Interesting and Humour - page 3272

 
Alexey Viktorov:
Except there wasn't a single positive example. A squirrel has to be caught first.

Maybe they were, but everyone was smart enough to flip right away.

It will die on its own.

 

Discussions (voting) on women's forums.

If a husband is starting to grow horns,

  • it means the husband has a lot of calcium in his system!
  • Means NOT ALL men watched football last night.
  • Means he'll start mooing soon.
 

More from the women's forums

  • How do you tell if you're ugly?
  • What's the right way to yelp with your heart? Who knows how to yak - teach me!
  • His ex is constantly calling and giggling maliciously...
  • My husband has been lying for ten years about having no one. And me?!!!
  • The boss harasses me on one side and promises to fire me on the other. What should I do, which side should I believe?
  • How to make sure that two men don't meet?
  • For a fur coat made of what to forgive cheating?
  • How can I tell him that we will have two children right after the wedding?
  • Girls, I started going to the gym and in two months I married a security guard there, I recommend it!
  • I had two "brain cleanses" by Malakhov, three times treated by Agafurov's method, breathed by Kashchenko, and a pimple on my nose still has not gone away. What to do?
  • Where does someone hide shop receipts?
 
Well, thank you. I had a good laugh.
 
Дмитрий:

After the first spoilage, a couple of enterprising neighbours, together with the victim, call the collector and tell him to come and get the money...

If they don't bury it, they'll sell a kidney for sure...

 
Vladimir Pastushak:

After the first spoilage, a couple of enterprising neighbours, together with the victim, call the collector and tell him to come and get the money...

If they don't bury it, they'll sell a kidney for sure...

well, they'll call.

And then Arthur from Kavkaz Vogograd arrives...

 

The Olympics football semi-final today is BRAZIL - HONDURAS. I'm for HONDURAS.


 
Yuri Evseenkov:

The Olympics football semi-final today is BRAZIL - HONDURAS. I'm for HONDURAS.


Mama dear... This shit must be 20 years old or more and I didn't know Arkanov decided to sing... And how young Lolita is, you could even say "pretty enough". So much for Honduras....
 
Дмитрий:

well, they'll call.

And Arthur from Kavkaz Vogograd will come...

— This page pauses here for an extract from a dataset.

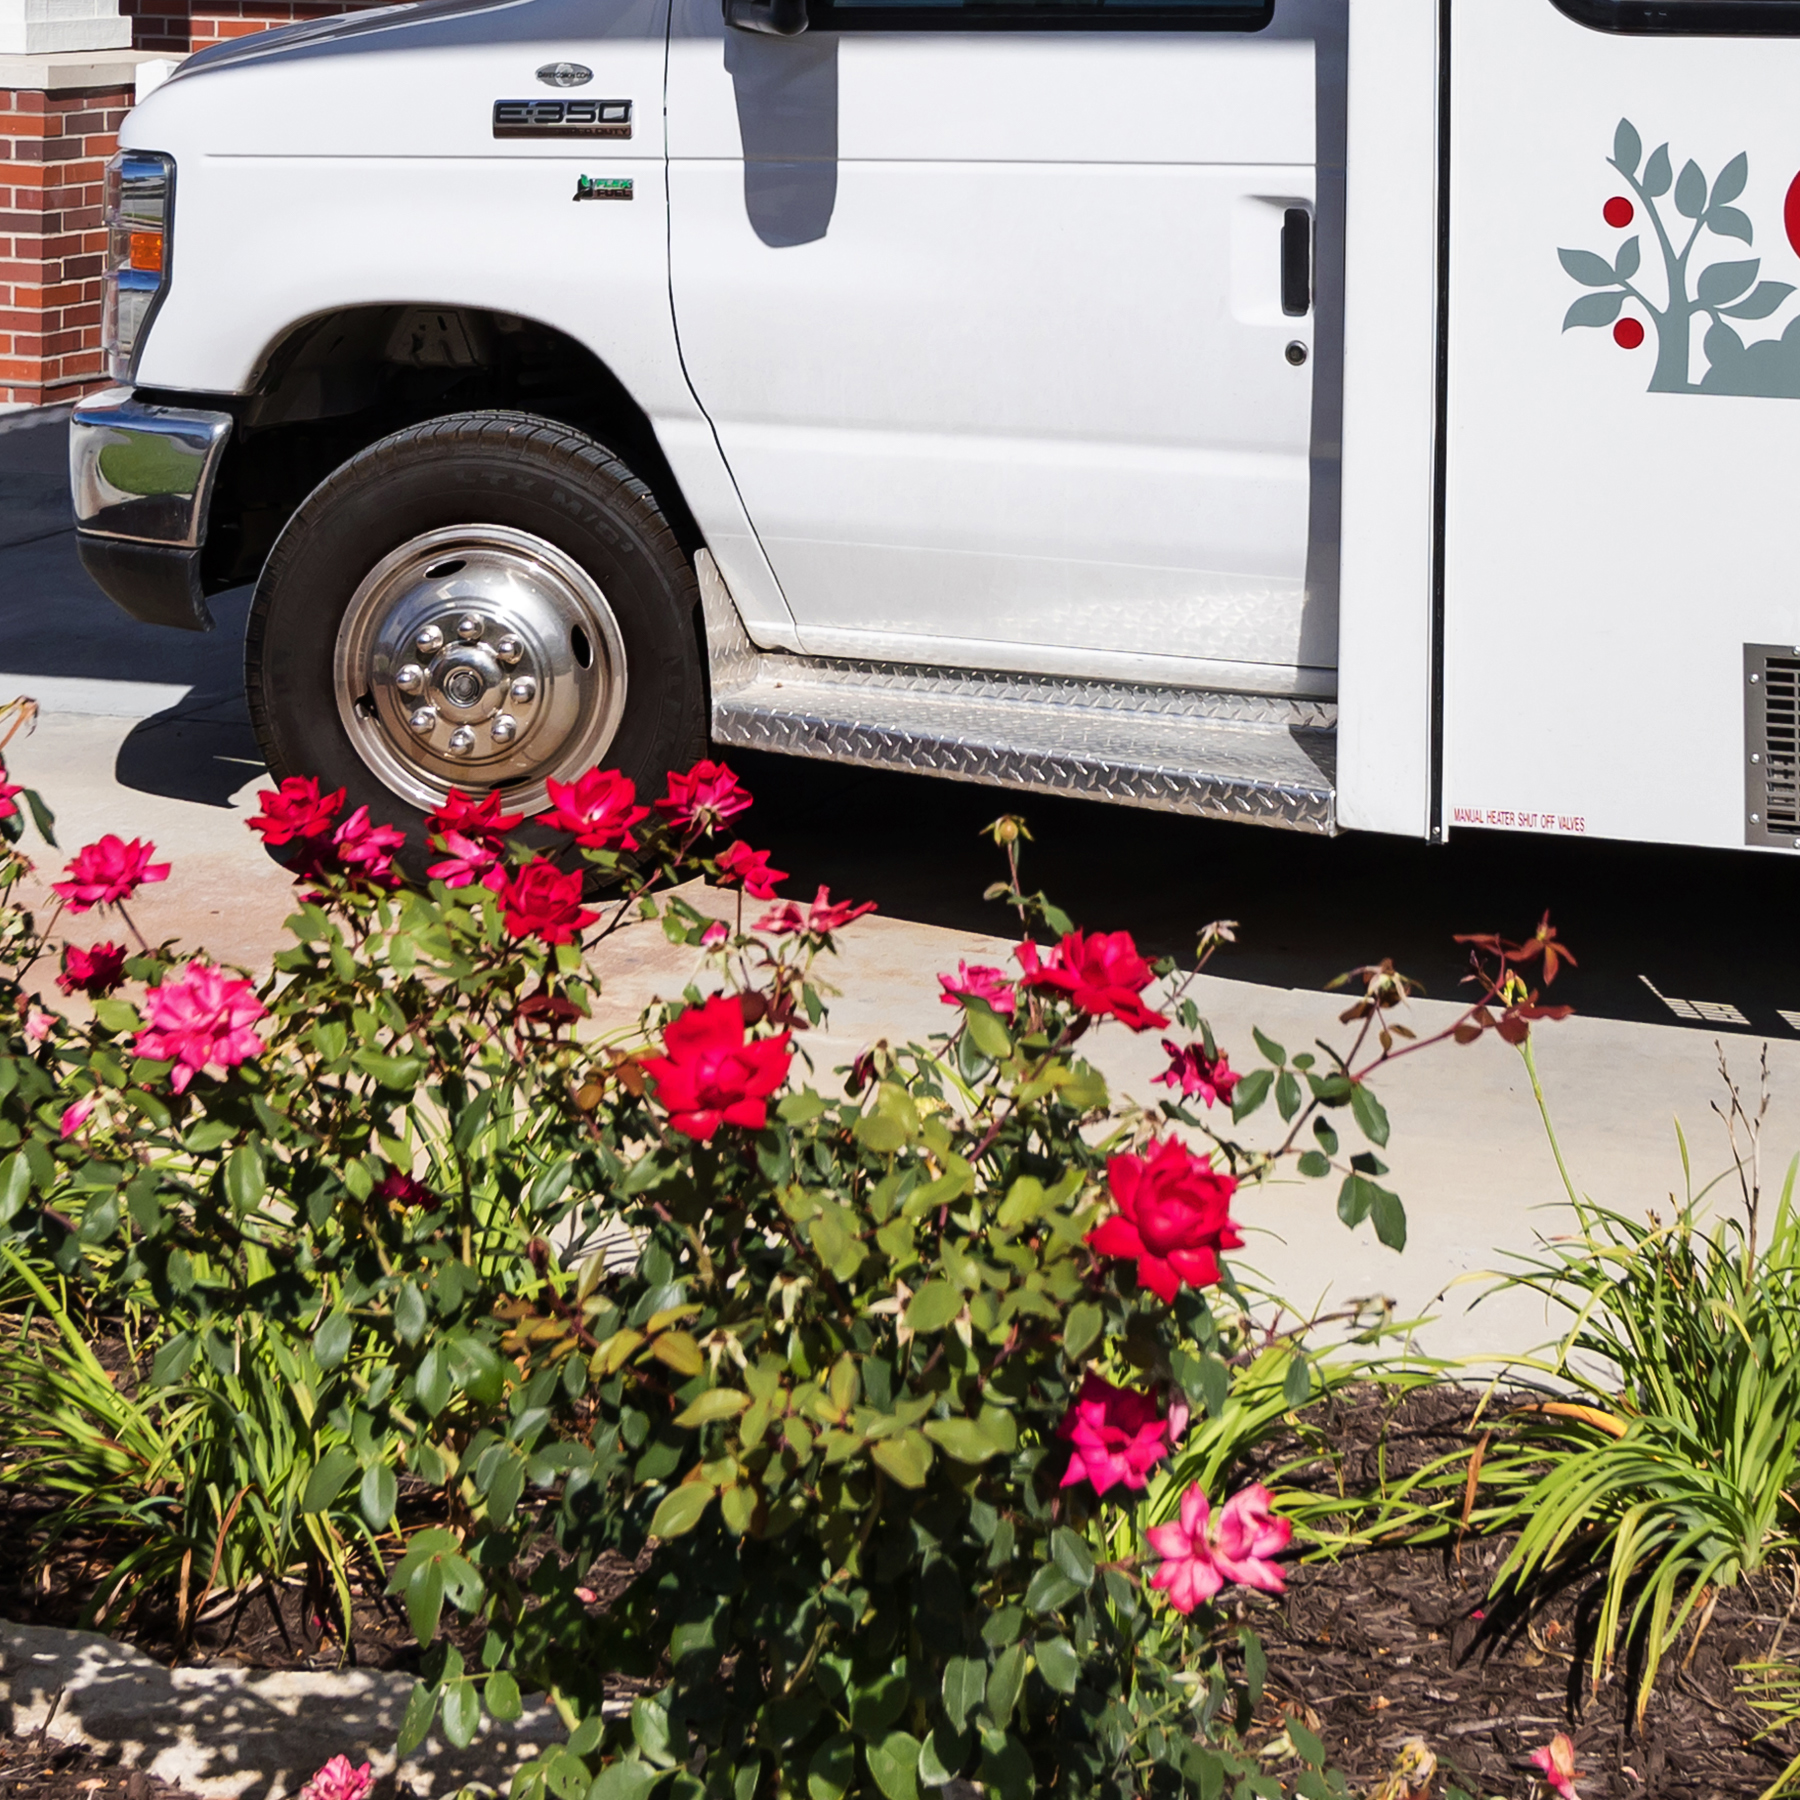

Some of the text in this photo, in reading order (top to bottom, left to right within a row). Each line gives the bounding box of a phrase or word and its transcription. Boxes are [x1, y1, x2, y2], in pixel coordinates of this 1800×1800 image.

[594, 127, 629, 137] DUTY
[596, 179, 632, 189] FLEX
[596, 189, 631, 198] FUEL
[1453, 807, 1586, 833] MANUAL HEATER SHUT OFF VALVES

Don't "blah-blah". When such an advertisement appears, you should write a statement to the prosecutor's office (preferably a collective one) about the threats, and no "Artur" will come anywhere.

Actually it looks very much like a fake. And do you really think that such an announcement is "interesting and humorous"?

 
A man comes to a barbershop for a shave (an old joke)
There are several empty chairs
the first chair is comfortable and soft - hangs several snow-white towels a super-duper razor of some imported - shines - perfectly sharpened - smells of expensive cologne - the higher pilots in general
he asks how much it costs to shave the answer - 5 rubles - his eyes widen - he says
- no problem - you can do it for 3 rubles - the chair is ordinary - a towel is one but fresh and not snow-white - razor is ordinary but very sharp - simple cologne
he asks next chair - is it even cheaper? - the answer is yes - a ruble - he takes a seat - says it suits me fine
the chair is a bit creaky and loose - the towel has yellow stains - the razor is ordinary - no cologne at all
they start shaving him - the razor is not sharp, it hurts , but he put up with it
and then he hears shouting - he turns around and sees - there, behind a sheet full of blood splashes - a place aside - where a man is being shaved on a stool - a very blunt razor, rusty and dirty with blood - the man is screaming in pain, yelling and swearing!
He asks what it is - the barber answers - they shave there for 10 kopecks.